- **What is being asked**
Each record must be repeated exactly as it stands.

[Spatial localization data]
= Beginning of Section =

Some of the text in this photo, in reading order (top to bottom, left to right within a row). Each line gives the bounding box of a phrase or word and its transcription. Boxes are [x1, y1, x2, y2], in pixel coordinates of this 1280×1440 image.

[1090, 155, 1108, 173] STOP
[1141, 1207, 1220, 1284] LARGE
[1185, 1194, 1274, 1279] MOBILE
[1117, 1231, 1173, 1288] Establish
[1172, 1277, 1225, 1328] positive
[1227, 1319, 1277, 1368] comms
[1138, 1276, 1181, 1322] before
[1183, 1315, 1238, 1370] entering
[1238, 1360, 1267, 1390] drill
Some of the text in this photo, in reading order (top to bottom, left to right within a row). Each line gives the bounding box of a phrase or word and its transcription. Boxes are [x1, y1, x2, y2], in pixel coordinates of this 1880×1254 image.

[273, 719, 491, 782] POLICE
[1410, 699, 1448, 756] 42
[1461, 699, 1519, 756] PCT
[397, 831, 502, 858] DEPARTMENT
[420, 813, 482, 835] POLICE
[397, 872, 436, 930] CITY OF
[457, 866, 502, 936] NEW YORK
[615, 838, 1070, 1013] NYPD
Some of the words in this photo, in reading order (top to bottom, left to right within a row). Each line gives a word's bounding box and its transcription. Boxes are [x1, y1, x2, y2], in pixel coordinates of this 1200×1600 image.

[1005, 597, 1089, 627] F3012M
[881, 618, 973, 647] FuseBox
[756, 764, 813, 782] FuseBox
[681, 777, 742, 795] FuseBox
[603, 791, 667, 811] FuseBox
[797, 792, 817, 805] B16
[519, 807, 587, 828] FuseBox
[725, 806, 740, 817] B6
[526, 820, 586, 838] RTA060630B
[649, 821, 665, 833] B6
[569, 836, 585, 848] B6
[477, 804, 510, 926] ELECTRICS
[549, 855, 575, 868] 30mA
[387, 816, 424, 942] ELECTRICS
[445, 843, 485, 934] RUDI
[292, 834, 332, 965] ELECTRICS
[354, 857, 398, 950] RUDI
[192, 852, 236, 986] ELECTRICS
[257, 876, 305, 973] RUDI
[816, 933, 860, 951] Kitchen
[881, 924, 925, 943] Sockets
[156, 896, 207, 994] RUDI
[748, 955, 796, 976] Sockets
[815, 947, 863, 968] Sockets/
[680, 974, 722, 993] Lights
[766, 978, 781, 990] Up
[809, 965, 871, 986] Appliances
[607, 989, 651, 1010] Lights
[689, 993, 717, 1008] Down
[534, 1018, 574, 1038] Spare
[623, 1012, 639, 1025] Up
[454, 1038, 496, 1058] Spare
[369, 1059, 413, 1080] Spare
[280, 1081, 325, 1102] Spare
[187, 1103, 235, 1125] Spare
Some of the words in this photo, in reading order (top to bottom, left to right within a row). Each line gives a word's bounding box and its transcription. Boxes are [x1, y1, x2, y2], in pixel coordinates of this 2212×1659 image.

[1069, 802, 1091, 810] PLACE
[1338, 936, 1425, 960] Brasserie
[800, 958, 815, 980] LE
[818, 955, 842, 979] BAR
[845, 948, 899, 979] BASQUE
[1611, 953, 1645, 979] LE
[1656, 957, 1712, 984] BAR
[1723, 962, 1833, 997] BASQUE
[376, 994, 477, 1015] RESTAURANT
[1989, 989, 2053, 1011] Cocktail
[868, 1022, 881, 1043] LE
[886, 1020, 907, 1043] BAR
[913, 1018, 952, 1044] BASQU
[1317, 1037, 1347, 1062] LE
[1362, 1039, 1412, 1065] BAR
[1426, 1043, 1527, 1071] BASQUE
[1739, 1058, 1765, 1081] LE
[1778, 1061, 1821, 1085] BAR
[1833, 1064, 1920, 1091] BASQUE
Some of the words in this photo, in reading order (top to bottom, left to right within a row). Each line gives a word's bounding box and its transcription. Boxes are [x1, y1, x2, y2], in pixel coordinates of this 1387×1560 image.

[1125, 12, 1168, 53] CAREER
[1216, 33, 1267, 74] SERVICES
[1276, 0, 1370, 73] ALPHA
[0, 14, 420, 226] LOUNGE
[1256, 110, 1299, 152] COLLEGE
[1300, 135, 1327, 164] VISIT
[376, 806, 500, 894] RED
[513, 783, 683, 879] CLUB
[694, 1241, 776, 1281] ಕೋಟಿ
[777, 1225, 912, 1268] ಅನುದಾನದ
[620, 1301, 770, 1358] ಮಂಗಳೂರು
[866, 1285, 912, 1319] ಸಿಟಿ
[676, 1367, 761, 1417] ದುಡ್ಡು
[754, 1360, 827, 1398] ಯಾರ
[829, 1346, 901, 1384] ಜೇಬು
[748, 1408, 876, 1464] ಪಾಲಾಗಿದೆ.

= End of Section =

- **Answer space**
Some of the text in this photo, in reading order (top to bottom, left to right within a row). Each line gives the bounding box of a phrase or word and its transcription. Boxes are [x1, y1, x2, y2], in pixel coordinates of this 1280×1440 image.

[1090, 155, 1108, 173] STOP
[1141, 1207, 1220, 1284] LARGE
[1185, 1194, 1274, 1279] MOBILE
[1117, 1231, 1173, 1288] Establish
[1172, 1277, 1225, 1328] positive
[1227, 1319, 1277, 1368] comms
[1138, 1276, 1181, 1322] before
[1183, 1315, 1238, 1370] entering
[1238, 1360, 1267, 1390] drill
Some of the text in this photo, in reading order (top to bottom, left to right within a row). Each line gives the bounding box of a phrase or word and its transcription. Boxes are [x1, y1, x2, y2], in pixel coordinates of this 1880×1254 image.

[273, 719, 491, 782] POLICE
[1410, 699, 1448, 756] 42
[1461, 699, 1519, 756] PCT
[397, 831, 502, 858] DEPARTMENT
[420, 813, 482, 835] POLICE
[397, 872, 436, 930] CITY OF
[457, 866, 502, 936] NEW YORK
[615, 838, 1070, 1013] NYPD
Some of the words in this photo, in reading order (top to bottom, left to right within a row). Each line gives a word's bounding box and its transcription. Boxes are [x1, y1, x2, y2], in pixel coordinates of this 1200×1600 image.

[1005, 597, 1089, 627] F3012M
[881, 618, 973, 647] FuseBox
[756, 764, 813, 782] FuseBox
[681, 777, 742, 795] FuseBox
[603, 791, 667, 811] FuseBox
[797, 792, 817, 805] B16
[519, 807, 587, 828] FuseBox
[725, 806, 740, 817] B6
[526, 820, 586, 838] RTA060630B
[649, 821, 665, 833] B6
[569, 836, 585, 848] B6
[477, 804, 510, 926] ELECTRICS
[549, 855, 575, 868] 30mA
[387, 816, 424, 942] ELECTRICS
[445, 843, 485, 934] RUDI
[292, 834, 332, 965] ELECTRICS
[354, 857, 398, 950] RUDI
[192, 852, 236, 986] ELECTRICS
[257, 876, 305, 973] RUDI
[816, 933, 860, 951] Kitchen
[881, 924, 925, 943] Sockets
[156, 896, 207, 994] RUDI
[748, 955, 796, 976] Sockets
[815, 947, 863, 968] Sockets/
[680, 974, 722, 993] Lights
[766, 978, 781, 990] Up
[809, 965, 871, 986] Appliances
[607, 989, 651, 1010] Lights
[689, 993, 717, 1008] Down
[534, 1018, 574, 1038] Spare
[623, 1012, 639, 1025] Up
[454, 1038, 496, 1058] Spare
[369, 1059, 413, 1080] Spare
[280, 1081, 325, 1102] Spare
[187, 1103, 235, 1125] Spare
Some of the words in this photo, in reading order (top to bottom, left to right within a row). Each line gives a word's bounding box and its transcription. Boxes are [x1, y1, x2, y2], in pixel coordinates of this 2212×1659 image.

[1069, 802, 1091, 810] PLACE
[1338, 936, 1425, 960] Brasserie
[800, 958, 815, 980] LE
[818, 955, 842, 979] BAR
[845, 948, 899, 979] BASQUE
[1611, 953, 1645, 979] LE
[1656, 957, 1712, 984] BAR
[1723, 962, 1833, 997] BASQUE
[376, 994, 477, 1015] RESTAURANT
[1989, 989, 2053, 1011] Cocktail
[868, 1022, 881, 1043] LE
[886, 1020, 907, 1043] BAR
[913, 1018, 952, 1044] BASQU
[1317, 1037, 1347, 1062] LE
[1362, 1039, 1412, 1065] BAR
[1426, 1043, 1527, 1071] BASQUE
[1739, 1058, 1765, 1081] LE
[1778, 1061, 1821, 1085] BAR
[1833, 1064, 1920, 1091] BASQUE
Some of the words in this photo, in reading order (top to bottom, left to right within a row). Each line gives a word's bounding box and its transcription. Boxes are [x1, y1, x2, y2], in pixel coordinates of this 1387×1560 image.

[1125, 12, 1168, 53] CAREER
[1216, 33, 1267, 74] SERVICES
[1276, 0, 1370, 73] ALPHA
[0, 14, 420, 226] LOUNGE
[1256, 110, 1299, 152] COLLEGE
[1300, 135, 1327, 164] VISIT
[376, 806, 500, 894] RED
[513, 783, 683, 879] CLUB
[694, 1241, 776, 1281] ಕೋಟಿ
[777, 1225, 912, 1268] ಅನುದಾನದ
[620, 1301, 770, 1358] ಮಂಗಳೂರು
[866, 1285, 912, 1319] ಸಿಟಿ
[676, 1367, 761, 1417] ದುಡ್ಡು
[754, 1360, 827, 1398] ಯಾರ
[829, 1346, 901, 1384] ಜೇಬು
[748, 1408, 876, 1464] ಪಾಲಾಗಿದೆ.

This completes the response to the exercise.